EĞİTİM - 22 Temmuz 2022 Cuma 10:06

'Üniversite tercihinde meslek seçimi önceliğiniz olsun'

A
A
A
'Üniversite tercihinde meslek seçimi önceliğiniz olsun'

YKS sonuçlarının açıklanmasının ardından tüm gözler tercih dönemine çevrildi. Adayların geleceklerini şekillendirecekleri bu süreci iyi değerlendirmeleri gerektiği konusunda uyaran Klinik Psikolog Ünal Erdem Elli, tercihlerde önceliğin meslek seçimi olduğunu belirtti.

Ölçme, Seçme ve Yerleştirme Merkezi (ÖSYM) tarafından gerçekleştirilen YKS sonuçları açıklandı. Sonuçların açıklanmasıyla birlikte aday öğrenciler, geleceklerini belirleyecek bir yola girdi.

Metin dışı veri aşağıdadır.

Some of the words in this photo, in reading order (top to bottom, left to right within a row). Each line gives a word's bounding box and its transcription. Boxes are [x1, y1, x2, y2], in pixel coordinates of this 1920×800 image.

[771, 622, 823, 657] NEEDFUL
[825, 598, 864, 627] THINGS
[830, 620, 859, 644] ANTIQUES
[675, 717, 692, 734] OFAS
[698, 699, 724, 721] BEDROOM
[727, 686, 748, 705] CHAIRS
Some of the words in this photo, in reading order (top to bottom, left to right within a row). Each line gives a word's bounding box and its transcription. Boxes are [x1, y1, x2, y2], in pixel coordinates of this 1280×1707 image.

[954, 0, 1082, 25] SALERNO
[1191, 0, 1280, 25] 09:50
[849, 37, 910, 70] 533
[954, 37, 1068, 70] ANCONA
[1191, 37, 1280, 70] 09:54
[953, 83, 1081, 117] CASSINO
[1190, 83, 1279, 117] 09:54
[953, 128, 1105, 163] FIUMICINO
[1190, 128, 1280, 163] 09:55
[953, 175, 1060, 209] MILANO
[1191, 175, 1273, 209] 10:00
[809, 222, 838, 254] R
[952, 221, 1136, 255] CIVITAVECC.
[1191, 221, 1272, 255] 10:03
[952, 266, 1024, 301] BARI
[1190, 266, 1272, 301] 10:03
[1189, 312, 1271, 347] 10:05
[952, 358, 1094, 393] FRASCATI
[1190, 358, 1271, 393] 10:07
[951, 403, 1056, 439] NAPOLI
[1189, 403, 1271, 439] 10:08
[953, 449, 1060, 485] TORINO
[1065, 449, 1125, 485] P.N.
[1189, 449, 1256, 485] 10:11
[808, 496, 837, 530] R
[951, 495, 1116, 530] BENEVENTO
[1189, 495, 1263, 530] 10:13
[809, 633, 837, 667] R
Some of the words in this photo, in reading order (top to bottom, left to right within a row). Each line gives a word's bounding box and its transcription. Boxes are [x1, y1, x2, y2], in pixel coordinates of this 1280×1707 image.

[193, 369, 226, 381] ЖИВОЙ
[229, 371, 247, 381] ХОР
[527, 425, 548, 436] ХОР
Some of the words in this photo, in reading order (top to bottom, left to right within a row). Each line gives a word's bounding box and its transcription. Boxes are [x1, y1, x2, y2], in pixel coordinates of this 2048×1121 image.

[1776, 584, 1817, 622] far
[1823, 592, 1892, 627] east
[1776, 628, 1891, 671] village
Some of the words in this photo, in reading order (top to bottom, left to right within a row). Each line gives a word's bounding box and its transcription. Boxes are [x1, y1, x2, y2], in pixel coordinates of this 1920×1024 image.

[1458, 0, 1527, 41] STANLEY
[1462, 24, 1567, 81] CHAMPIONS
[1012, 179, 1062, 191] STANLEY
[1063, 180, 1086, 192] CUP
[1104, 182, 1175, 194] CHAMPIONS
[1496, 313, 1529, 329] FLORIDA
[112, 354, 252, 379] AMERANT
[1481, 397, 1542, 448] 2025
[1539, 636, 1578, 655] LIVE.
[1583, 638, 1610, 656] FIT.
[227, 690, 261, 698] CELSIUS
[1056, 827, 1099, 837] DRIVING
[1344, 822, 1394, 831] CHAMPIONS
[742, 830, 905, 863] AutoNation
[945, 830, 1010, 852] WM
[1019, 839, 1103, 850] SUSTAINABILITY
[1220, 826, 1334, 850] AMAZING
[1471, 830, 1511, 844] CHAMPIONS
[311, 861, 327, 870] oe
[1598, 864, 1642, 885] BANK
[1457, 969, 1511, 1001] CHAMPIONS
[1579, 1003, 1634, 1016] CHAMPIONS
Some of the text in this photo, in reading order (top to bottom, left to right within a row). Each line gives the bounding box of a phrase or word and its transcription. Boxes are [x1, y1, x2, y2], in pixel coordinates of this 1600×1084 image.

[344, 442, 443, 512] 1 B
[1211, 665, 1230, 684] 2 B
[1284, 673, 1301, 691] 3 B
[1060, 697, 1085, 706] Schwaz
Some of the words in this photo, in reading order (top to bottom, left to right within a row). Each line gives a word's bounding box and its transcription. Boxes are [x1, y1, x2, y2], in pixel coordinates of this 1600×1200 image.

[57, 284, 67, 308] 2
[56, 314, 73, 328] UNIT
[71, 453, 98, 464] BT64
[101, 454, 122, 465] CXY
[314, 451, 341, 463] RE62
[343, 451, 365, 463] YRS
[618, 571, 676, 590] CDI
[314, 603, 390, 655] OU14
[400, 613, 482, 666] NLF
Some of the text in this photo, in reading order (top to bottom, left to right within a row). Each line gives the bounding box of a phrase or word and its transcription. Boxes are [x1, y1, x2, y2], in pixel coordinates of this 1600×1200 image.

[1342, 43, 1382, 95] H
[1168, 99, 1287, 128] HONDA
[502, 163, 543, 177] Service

Tercih maratonuna giren üniversite adaylarının bu süreci iyi değerlendirmeleri noktasında tavsiyeler veren İstanbul Gelişim Üniversitesi Psikolojik Danışmanlık Birimi Koordinatörü, Klinik Psikolog Ünal Erdem Elli, “Tercih yaparken iki unsura dikkat edilmeli. Birinci unsur tercihin teknik kısmı. Yani tercih listesini adayın sıralamasına uygun yapması. Diğer unsur ise tercihin adaya uygunluğunun olmasıdır. Ayrıca tercih yapmadan önce rehber öğretmenlerden ve gitmeyi düşündükleri üniversitelerdeki kariyer geliştirme merkezlerindeki danışmanlardan, istedikleri meslekler ile ilgili bilgi almalarında fayda var” dedi.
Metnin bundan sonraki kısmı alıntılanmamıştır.